Darko Zibar

Machine learning techniques for optical communication, laser metrology and optical fibre sensing

Abstract

Recently, there has been an increasing amount of research focused on the application of machine learning techniques to optical communication and photonics. These applications have varied from component characterization, ultra-sensitive optical phase detection, performance prediction and system optimization, and more recently, within the field of quantum communication and optical fibre sensing. In this talk, a brief overview of the application of machine learning in optical communication will be given. Then, techniques from Bayesian machine learning and digital coherent detection will be presented on how to perform ultra-sensitive, and optimum in a statistical sense, detection of optical amplitude and phase, which later can be used to perform relative intensity and frequency laser noise characterization. Within the field of optical fibre sensing, it will also be demonstrated how techniques from machine learning can be used to learn non-trivial mappings and provide monitoring of temperature in terms of mean value as well as confidence interval. Finally, a novel concept on information transmission over the optical fibre, by employing modulation of eigenvalues, will be presented.

Biography

Darko Zibar received the M.Sc. degree in telecommunication and the Ph.D. degree in optical communications from the Technical University of Denmark, in 2004 and 2007, respectively. He was a Visiting Researcher with the Optoelectronic Research Group (Prof. John E. Bowers), University of California, Santa Barbara, CA, USA, in 2006 and 2008, where he worked on coherent receivers for analog optical links. In 2009, he was a Visiting Researcher with Nokia-Siemens Networks, where he worked on clock recovery techniques for polarization multiplexed systems. He is currently Associate Professor at DTU Fotonik, Technical University of Denmark. His research efforts are currently focused on the application of machine learning methods to optical communication, ultra-sensitive amplitude and phase detection and optical fibre sensing systems.
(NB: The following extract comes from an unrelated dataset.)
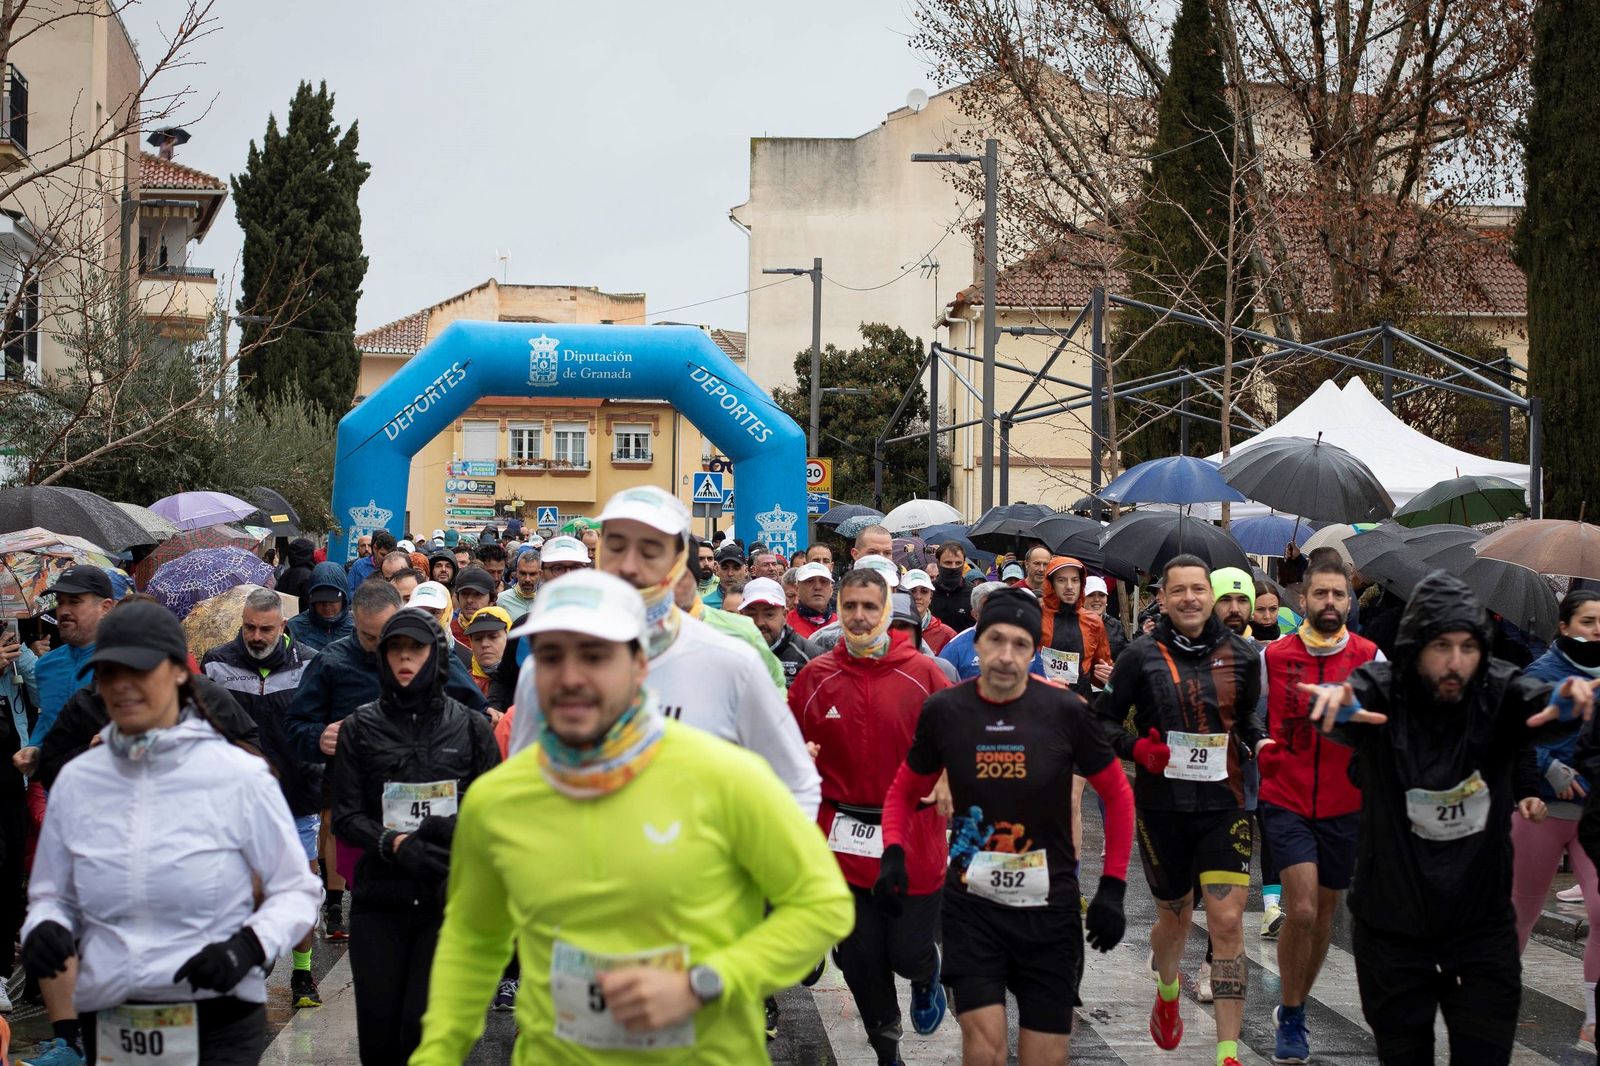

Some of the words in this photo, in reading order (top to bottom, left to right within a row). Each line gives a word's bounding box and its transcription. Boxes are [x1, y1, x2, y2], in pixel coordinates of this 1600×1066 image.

He is a recipient of Young Researcher Award by University of Erlangen-Nurnberg, in 2016, for his contributions to applications of machine learning techniques to optical technologies. He was a part of the team that won the HORIZON 2020 prize for breaking the optical transmission barriers. In 2017, he was granted European Research Council (ERC) Consolidator Grant where the focus is on the demonstration of nonlinear-distortion free optical communication systems by employing modulation of eigenvalues.